● **What you should do**: Give back the records below exactly, every one, with no pictures.

-*-

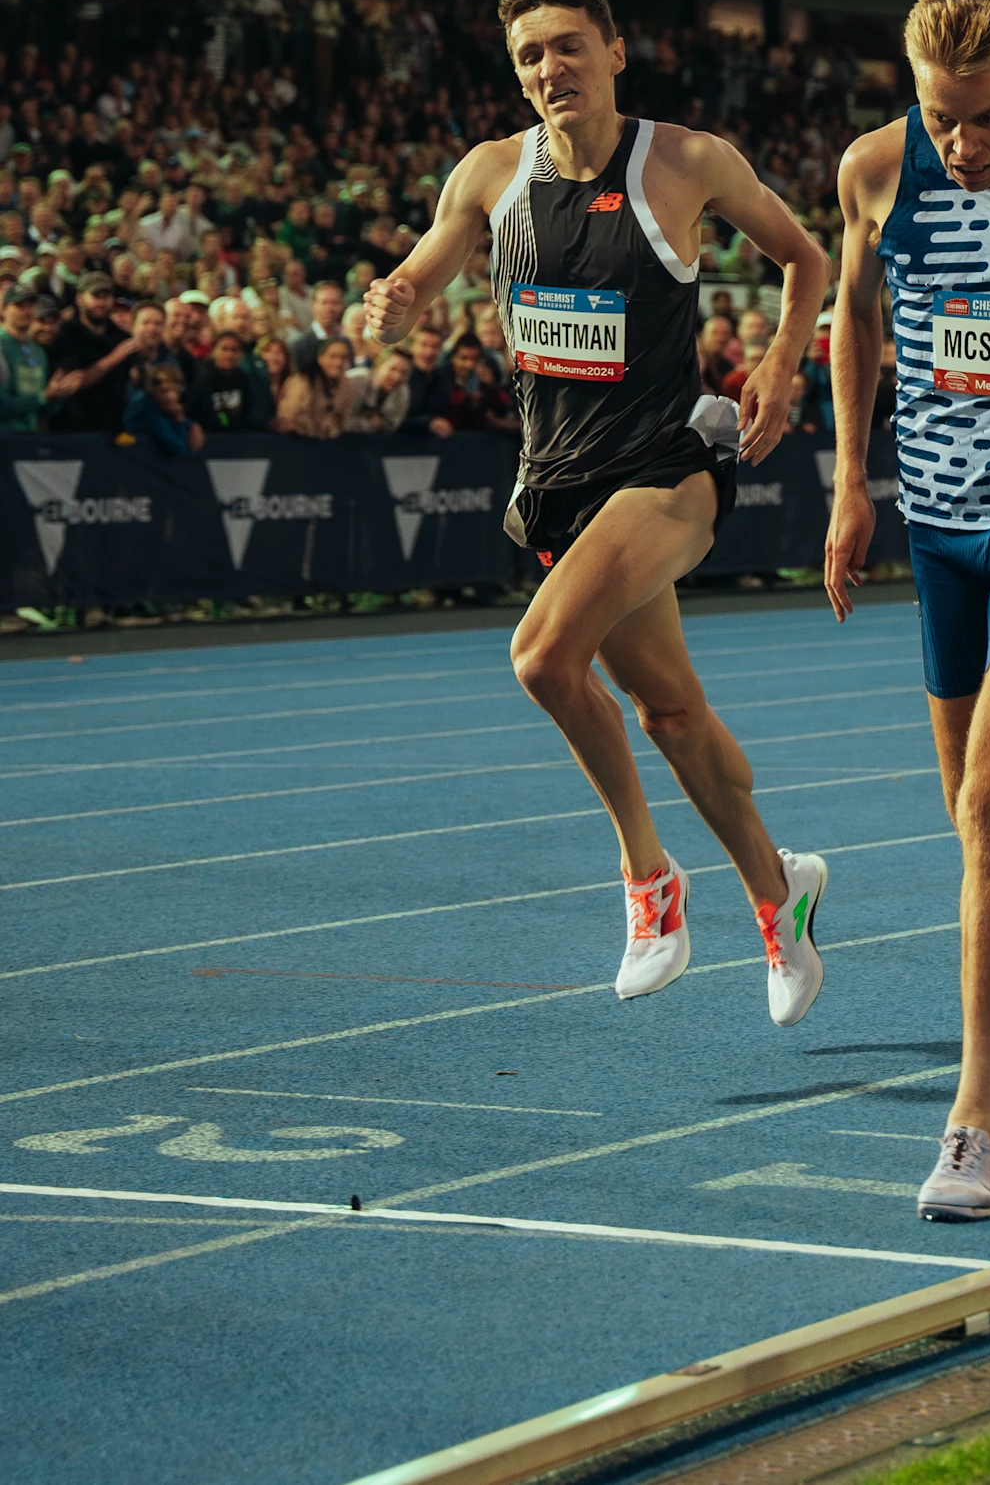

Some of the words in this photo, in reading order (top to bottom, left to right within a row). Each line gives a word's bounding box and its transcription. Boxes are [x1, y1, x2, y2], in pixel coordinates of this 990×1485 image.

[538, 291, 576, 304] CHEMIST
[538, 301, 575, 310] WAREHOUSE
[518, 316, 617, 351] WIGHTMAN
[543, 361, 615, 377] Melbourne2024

-*-

● **Final answer**:
Some of the words in this photo, in reading order (top to bottom, left to right within a row). Each line gives a word's bounding box and its transcription. Boxes are [x1, y1, x2, y2], in pixel coordinates of this 990×1485 image.

[538, 291, 576, 304] CHEMIST
[538, 301, 575, 310] WAREHOUSE
[518, 316, 617, 351] WIGHTMAN
[543, 361, 615, 377] Melbourne2024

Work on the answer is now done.